EXERCISE INPUTS: Begin

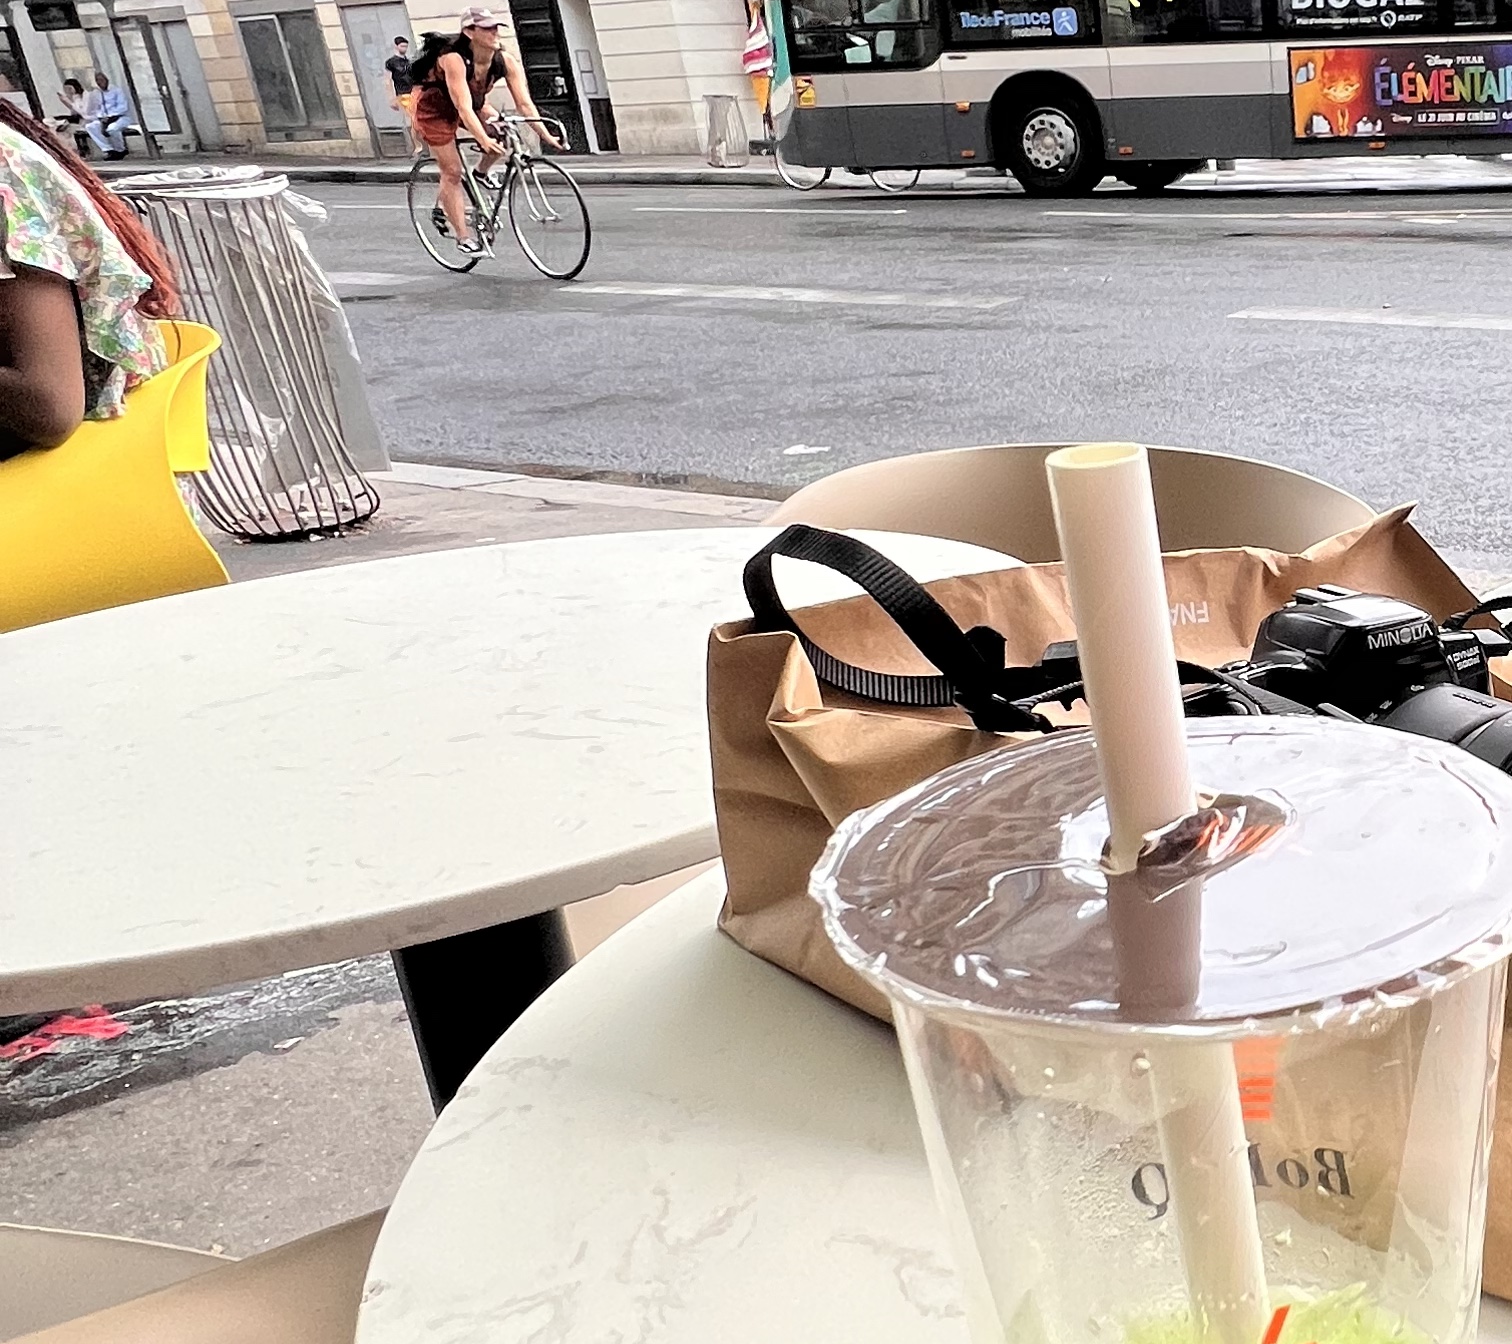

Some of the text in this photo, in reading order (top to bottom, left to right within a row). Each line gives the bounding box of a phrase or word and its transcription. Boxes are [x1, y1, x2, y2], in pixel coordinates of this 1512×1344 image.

[1424, 54, 1485, 67] Disney PIXAR
[1367, 623, 1434, 650] MINOLTA
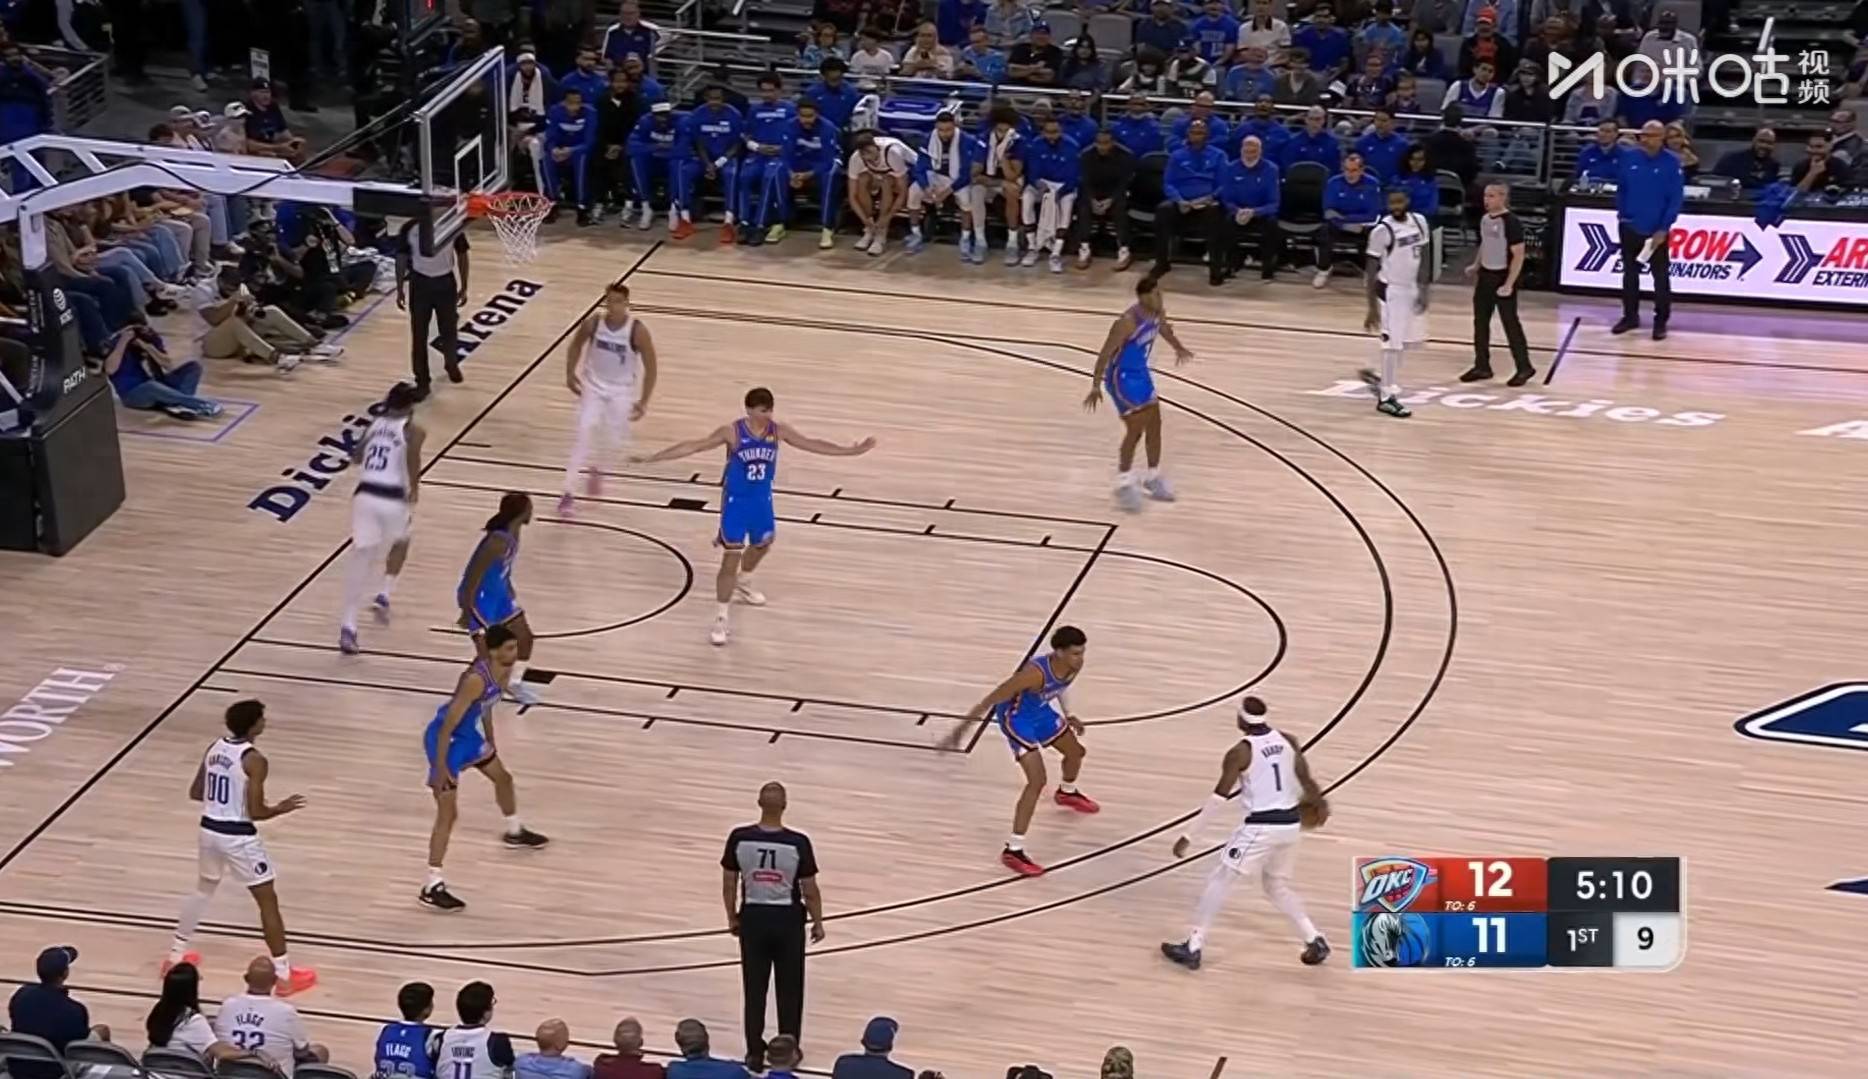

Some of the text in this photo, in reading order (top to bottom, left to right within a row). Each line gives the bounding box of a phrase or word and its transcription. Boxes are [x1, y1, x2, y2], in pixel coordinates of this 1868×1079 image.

[1668, 228, 1741, 262] ROW
[365, 446, 391, 471] 25
[747, 463, 766, 481] 23
[208, 772, 229, 805] 00
[1272, 763, 1282, 792] 1
[757, 847, 776, 870] 71

EXERCISE INPUTS: End

WHAT YOU NEED TO DO:
Copy the listing exactly. Any image in it stays out of the copy.

THE COMPLETED TASK:
Some of the text in this photo, in reading order (top to bottom, left to right within a row). Each line gives the bounding box of a phrase or word and its transcription. Boxes are [x1, y1, x2, y2], in pixel coordinates of this 1512×1344 image.

[1424, 54, 1485, 67] Disney PIXAR
[1367, 623, 1434, 650] MINOLTA

Some of the text in this photo, in reading order (top to bottom, left to right within a row). Each line gives the bounding box of a phrase or word and its transcription. Boxes are [x1, y1, x2, y2], in pixel coordinates of this 1868×1079 image.

[1668, 228, 1741, 262] ROW
[365, 446, 391, 471] 25
[747, 463, 766, 481] 23
[208, 772, 229, 805] 00
[1272, 763, 1282, 792] 1
[757, 847, 776, 870] 71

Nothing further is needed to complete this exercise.